In the late 80s around 2,000 babies died suddenly and unexpectedly each year and no reason for the cause of death ever found. These deaths were recorded as deaths from Sudden Infant Death Syndrome (SIDS) which at the time was more commonly referred to as cot death. Over the last 25 years, the rate of SIDS deaths has fallen by more than 85%, with the latest figures showing that in 2014 230 babies died from SIDS across the UK.

This huge reduction is largely due to the discovery by researchers in Netherlands and New Zealand that babies who slept on their stomachs had a much higher risk of SIDS . Here in the UK, Professor Peter Fleming of the University of Bristol carried out a national control study, which was funded by The Lullaby Trust. The research confirmed the same findings. Professor Fleming published his findings in 1990 but deaths had already begun to fall as early as 1989 as word spread about his emerging results and a subsequent successful trial removed any doubts.

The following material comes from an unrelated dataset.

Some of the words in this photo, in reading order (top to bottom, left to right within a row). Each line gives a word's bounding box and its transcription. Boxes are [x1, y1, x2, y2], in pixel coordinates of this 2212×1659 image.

In July, 1991, celebrity daytime TV host Anne Diamond sadly lost her baby boy Sebastian to SIDS. He was just over 4 months old and had been put down to sleep on his tummy by Anne. This terrible tragedy galvanised Anne and she travelled to New Zealand accompanied by a documentary team to find out more about cot death.

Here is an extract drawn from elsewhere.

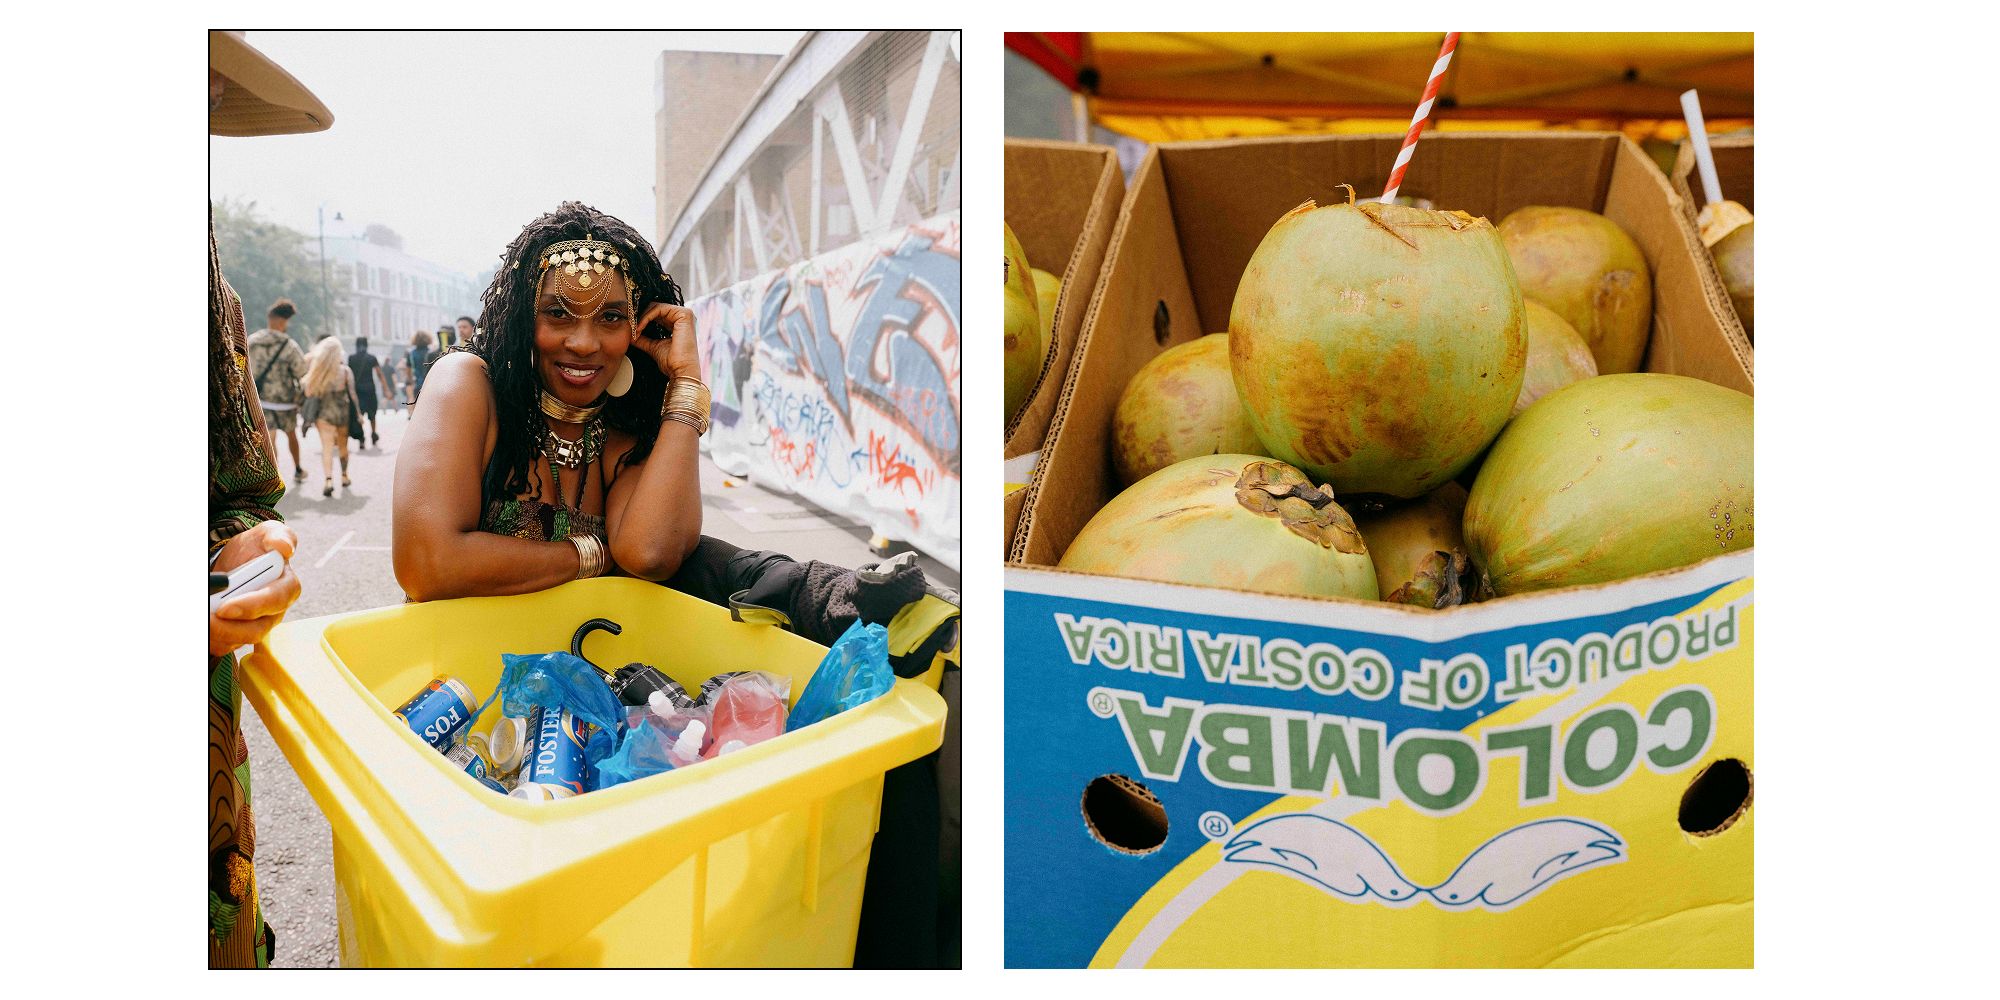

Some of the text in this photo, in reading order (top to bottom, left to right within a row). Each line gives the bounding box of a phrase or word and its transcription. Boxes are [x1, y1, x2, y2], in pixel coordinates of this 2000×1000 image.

[1061, 607, 1736, 706] PRODUCT OF COSTA RICA
[1116, 690, 1712, 811] COLOMBA

She met the New Zealand researchers who had identified that prone sleeping was the main risk factor for SIDS. She also found out that the New Zealand government had quickly sprung into action and had already launched a Back to Sleep campaign in that country. Anne came back to the UK and joined forces with The Lullaby Trust (then known as The Foundation for the Study of Infant Deaths) to lobby the government to launch a similar national awareness raising campaign.

The Lullaby Trust had begun to prepare its own information campaign, based on the evidence from Professor Fleming’s research. This campaign was due to be launched in October but the charity inevitably had limited resources to reach every household in the country. Like Anne, the charity knew that an extensive multi-media based campaign was vital and that the backing and resources of Government was essential. After many meetings with Ministers, officials and the medical profession, the Department of Health accepted the premise of the research and launched the Back to Sleep campaign in December 1991. The Department ran an extensive two week TV and magazine campaign fronted by Anne; issued a letter to all doctors and nursing officers .; and produced a leaflet for all new parents.

Over the next 5 years the rate of SIDS plummeted and we will always be grateful to Peter Fleming and colleagues for his life saving research and Anne Diamond for her vision and her determination to prevent the trauma of SIDS engulfing other families. The Lullaby Trust has continued to work hard to raise awareness of safer sleep and the number of babies dying has continued to decline reaching a record low in 2014. The ONS attributed this drop, in part, to increased awareness of safer sleep practices.

As the Back to Sleep Campaign reaches its 25 year anniversary we reflect with pride on what has been achieved since that time. However, we never forget those families whose lives have been shattered by the loss of a baby. We offer bereavement support to parents and family members for as long as and whenever they need it. Those parents, and those who we have the chance to spare the tragedy of SIDS are at the heart of all we do. We continue fighting to drive down the number of deaths, through funding research and raising awareness, and believe that the work we do will see many more lives saved over the next 25 years.